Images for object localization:
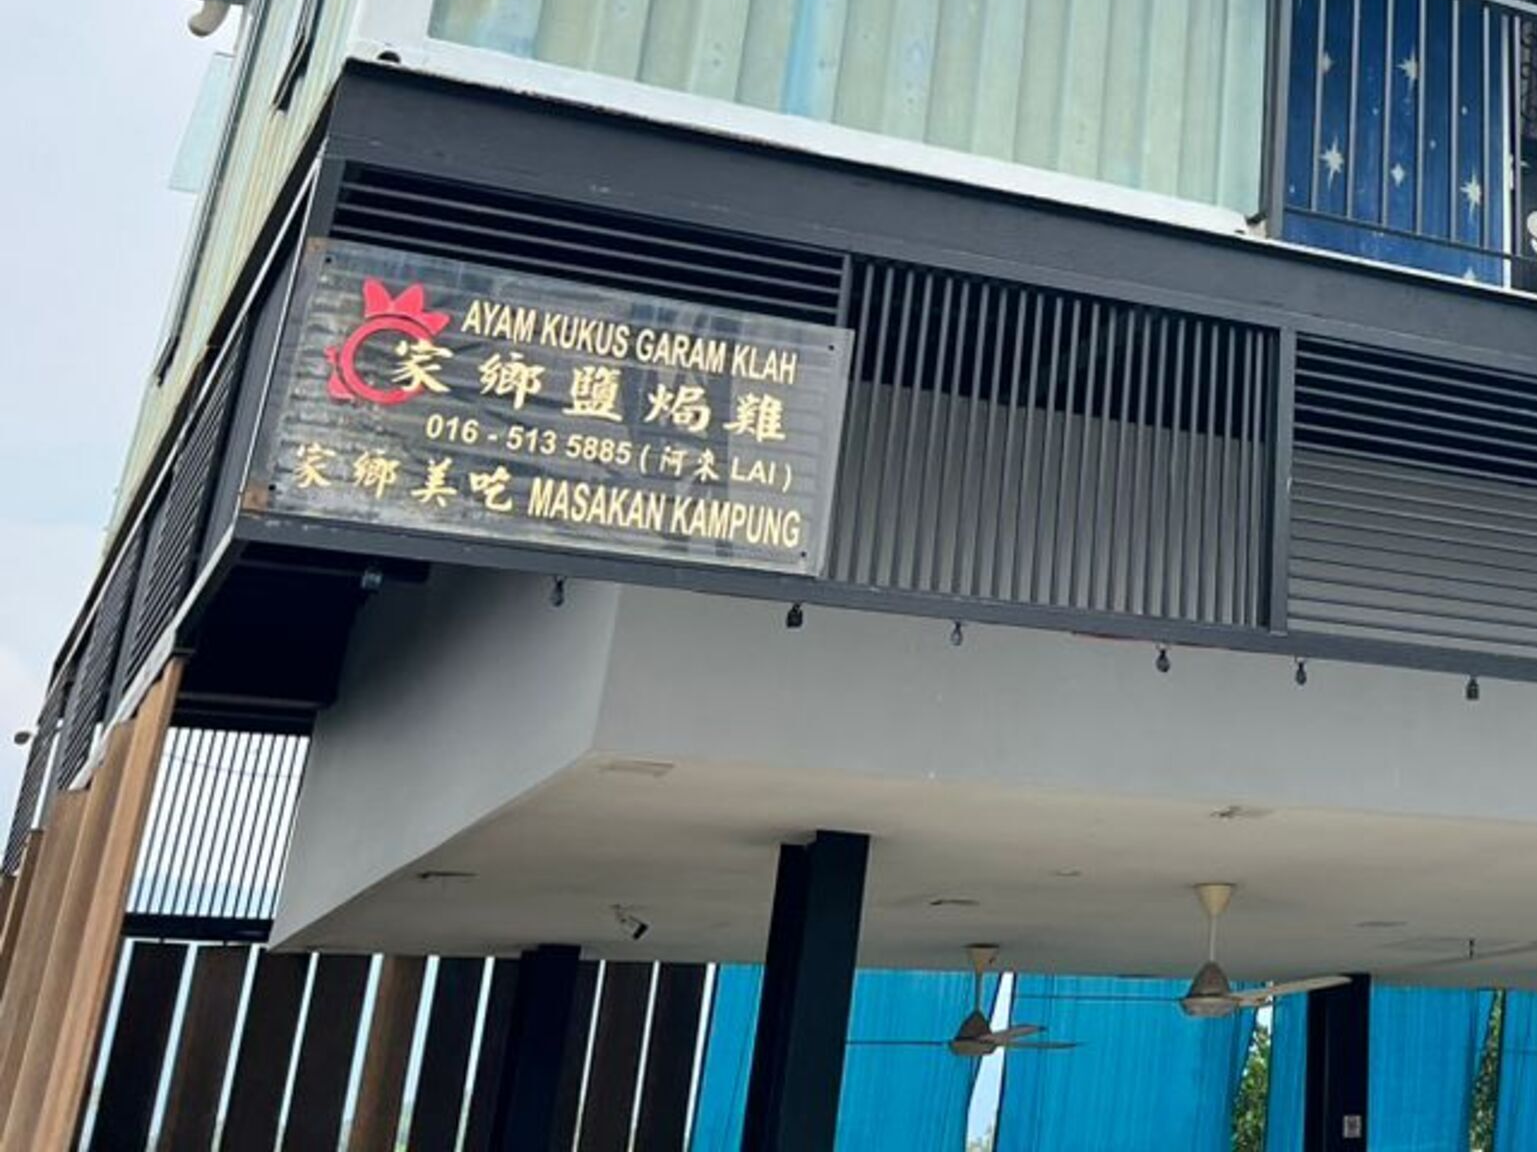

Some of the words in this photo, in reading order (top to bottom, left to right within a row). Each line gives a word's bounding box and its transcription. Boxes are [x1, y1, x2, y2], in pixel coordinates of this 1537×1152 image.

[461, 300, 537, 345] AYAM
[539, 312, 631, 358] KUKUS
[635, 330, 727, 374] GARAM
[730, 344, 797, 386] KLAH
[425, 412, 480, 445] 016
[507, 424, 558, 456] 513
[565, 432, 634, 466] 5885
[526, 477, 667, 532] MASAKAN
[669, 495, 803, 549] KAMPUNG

## PROBLEM REQUIREMENTS:
The answer is a faithful copy of the records above, with the pictures removed.

## COMPLETED EXERCISE:
Some of the words in this photo, in reading order (top to bottom, left to right within a row). Each line gives a word's bounding box and its transcription. Boxes are [x1, y1, x2, y2], in pixel coordinates of this 1537×1152 image.

[461, 300, 537, 345] AYAM
[539, 312, 631, 358] KUKUS
[635, 330, 727, 374] GARAM
[730, 344, 797, 386] KLAH
[425, 412, 480, 445] 016
[507, 424, 558, 456] 513
[565, 432, 634, 466] 5885
[526, 477, 667, 532] MASAKAN
[669, 495, 803, 549] KAMPUNG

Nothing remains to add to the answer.